> [Description of the task]:
What follows is a block of records; restate each one word for word.
++++ Provided records
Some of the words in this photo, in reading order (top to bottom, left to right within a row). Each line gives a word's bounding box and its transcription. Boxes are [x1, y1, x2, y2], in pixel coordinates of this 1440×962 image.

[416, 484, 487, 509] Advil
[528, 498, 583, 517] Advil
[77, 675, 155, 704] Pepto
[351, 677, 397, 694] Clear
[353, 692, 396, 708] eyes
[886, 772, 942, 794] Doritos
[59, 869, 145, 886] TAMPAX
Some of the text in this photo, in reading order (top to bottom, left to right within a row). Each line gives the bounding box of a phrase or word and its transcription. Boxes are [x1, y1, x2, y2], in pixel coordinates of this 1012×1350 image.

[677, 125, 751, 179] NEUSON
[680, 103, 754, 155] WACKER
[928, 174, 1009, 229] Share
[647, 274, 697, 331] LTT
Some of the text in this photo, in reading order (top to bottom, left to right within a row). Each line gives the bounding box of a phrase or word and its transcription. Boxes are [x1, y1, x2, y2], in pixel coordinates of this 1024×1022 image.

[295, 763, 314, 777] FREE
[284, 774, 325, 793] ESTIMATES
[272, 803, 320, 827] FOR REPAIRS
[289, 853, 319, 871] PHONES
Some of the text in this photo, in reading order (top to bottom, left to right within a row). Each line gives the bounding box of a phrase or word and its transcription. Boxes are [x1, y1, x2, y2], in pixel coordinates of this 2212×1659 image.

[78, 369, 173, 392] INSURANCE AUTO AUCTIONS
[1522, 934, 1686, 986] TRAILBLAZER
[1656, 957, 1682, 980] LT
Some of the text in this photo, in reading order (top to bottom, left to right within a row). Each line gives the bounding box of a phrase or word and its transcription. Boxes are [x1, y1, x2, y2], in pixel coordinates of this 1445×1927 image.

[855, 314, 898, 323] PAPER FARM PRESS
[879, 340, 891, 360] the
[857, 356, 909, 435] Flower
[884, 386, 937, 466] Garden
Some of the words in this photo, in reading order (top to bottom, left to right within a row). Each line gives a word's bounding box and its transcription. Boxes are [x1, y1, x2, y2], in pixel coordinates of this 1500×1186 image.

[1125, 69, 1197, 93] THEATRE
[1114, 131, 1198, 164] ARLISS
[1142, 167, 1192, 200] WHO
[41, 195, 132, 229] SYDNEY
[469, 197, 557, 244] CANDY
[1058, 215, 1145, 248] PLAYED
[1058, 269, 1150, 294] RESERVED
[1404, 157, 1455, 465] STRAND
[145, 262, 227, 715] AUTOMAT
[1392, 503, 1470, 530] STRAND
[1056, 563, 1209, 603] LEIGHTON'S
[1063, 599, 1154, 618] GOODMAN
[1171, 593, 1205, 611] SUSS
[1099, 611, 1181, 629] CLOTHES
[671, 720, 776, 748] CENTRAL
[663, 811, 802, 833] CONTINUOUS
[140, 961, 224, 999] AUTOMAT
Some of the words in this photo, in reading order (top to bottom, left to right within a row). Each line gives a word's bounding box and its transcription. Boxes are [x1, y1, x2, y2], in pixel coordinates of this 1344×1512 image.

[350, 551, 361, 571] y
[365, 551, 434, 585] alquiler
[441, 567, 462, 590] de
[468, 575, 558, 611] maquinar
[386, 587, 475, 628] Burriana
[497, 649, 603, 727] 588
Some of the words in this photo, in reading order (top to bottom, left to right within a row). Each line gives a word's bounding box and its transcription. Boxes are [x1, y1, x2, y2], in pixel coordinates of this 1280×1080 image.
++++++++
> [Result of this exercise]:
Some of the words in this photo, in reading order (top to bottom, left to right within a row). Each line gives a word's bounding box and its transcription. Boxes are [x1, y1, x2, y2], in pixel coordinates of this 1440×962 image.

[416, 484, 487, 509] Advil
[528, 498, 583, 517] Advil
[77, 675, 155, 704] Pepto
[351, 677, 397, 694] Clear
[353, 692, 396, 708] eyes
[886, 772, 942, 794] Doritos
[59, 869, 145, 886] TAMPAX
Some of the text in this photo, in reading order (top to bottom, left to right within a row). Each line gives the bounding box of a phrase or word and its transcription. Boxes are [x1, y1, x2, y2], in pixel coordinates of this 1012×1350 image.

[677, 125, 751, 179] NEUSON
[680, 103, 754, 155] WACKER
[928, 174, 1009, 229] Share
[647, 274, 697, 331] LTT
Some of the text in this photo, in reading order (top to bottom, left to right within a row). Each line gives the bounding box of a phrase or word and its transcription. Boxes are [x1, y1, x2, y2], in pixel coordinates of this 1024×1022 image.

[295, 763, 314, 777] FREE
[284, 774, 325, 793] ESTIMATES
[272, 803, 320, 827] FOR REPAIRS
[289, 853, 319, 871] PHONES
Some of the text in this photo, in reading order (top to bottom, left to right within a row). Each line gives the bounding box of a phrase or word and its transcription. Boxes are [x1, y1, x2, y2], in pixel coordinates of this 2212×1659 image.

[78, 369, 173, 392] INSURANCE AUTO AUCTIONS
[1522, 934, 1686, 986] TRAILBLAZER
[1656, 957, 1682, 980] LT
Some of the text in this photo, in reading order (top to bottom, left to right within a row). Each line gives the bounding box of a phrase or word and its transcription. Boxes are [x1, y1, x2, y2], in pixel coordinates of this 1445×1927 image.

[855, 314, 898, 323] PAPER FARM PRESS
[879, 340, 891, 360] the
[857, 356, 909, 435] Flower
[884, 386, 937, 466] Garden
Some of the words in this photo, in reading order (top to bottom, left to right within a row). Each line gives a word's bounding box and its transcription. Boxes are [x1, y1, x2, y2], in pixel coordinates of this 1500×1186 image.

[1125, 69, 1197, 93] THEATRE
[1114, 131, 1198, 164] ARLISS
[1142, 167, 1192, 200] WHO
[41, 195, 132, 229] SYDNEY
[469, 197, 557, 244] CANDY
[1058, 215, 1145, 248] PLAYED
[1058, 269, 1150, 294] RESERVED
[1404, 157, 1455, 465] STRAND
[145, 262, 227, 715] AUTOMAT
[1392, 503, 1470, 530] STRAND
[1056, 563, 1209, 603] LEIGHTON'S
[1063, 599, 1154, 618] GOODMAN
[1171, 593, 1205, 611] SUSS
[1099, 611, 1181, 629] CLOTHES
[671, 720, 776, 748] CENTRAL
[663, 811, 802, 833] CONTINUOUS
[140, 961, 224, 999] AUTOMAT
Some of the words in this photo, in reading order (top to bottom, left to right within a row). Each line gives a word's bounding box and its transcription. Boxes are [x1, y1, x2, y2], in pixel coordinates of this 1344×1512 image.

[350, 551, 361, 571] y
[365, 551, 434, 585] alquiler
[441, 567, 462, 590] de
[468, 575, 558, 611] maquinar
[386, 587, 475, 628] Burriana
[497, 649, 603, 727] 588
Some of the words in this photo, in reading order (top to bottom, left to right within a row). Each line gives a word's bounding box and its transcription. Boxes are [x1, y1, x2, y2], in pixel coordinates of this 1280×1080 image.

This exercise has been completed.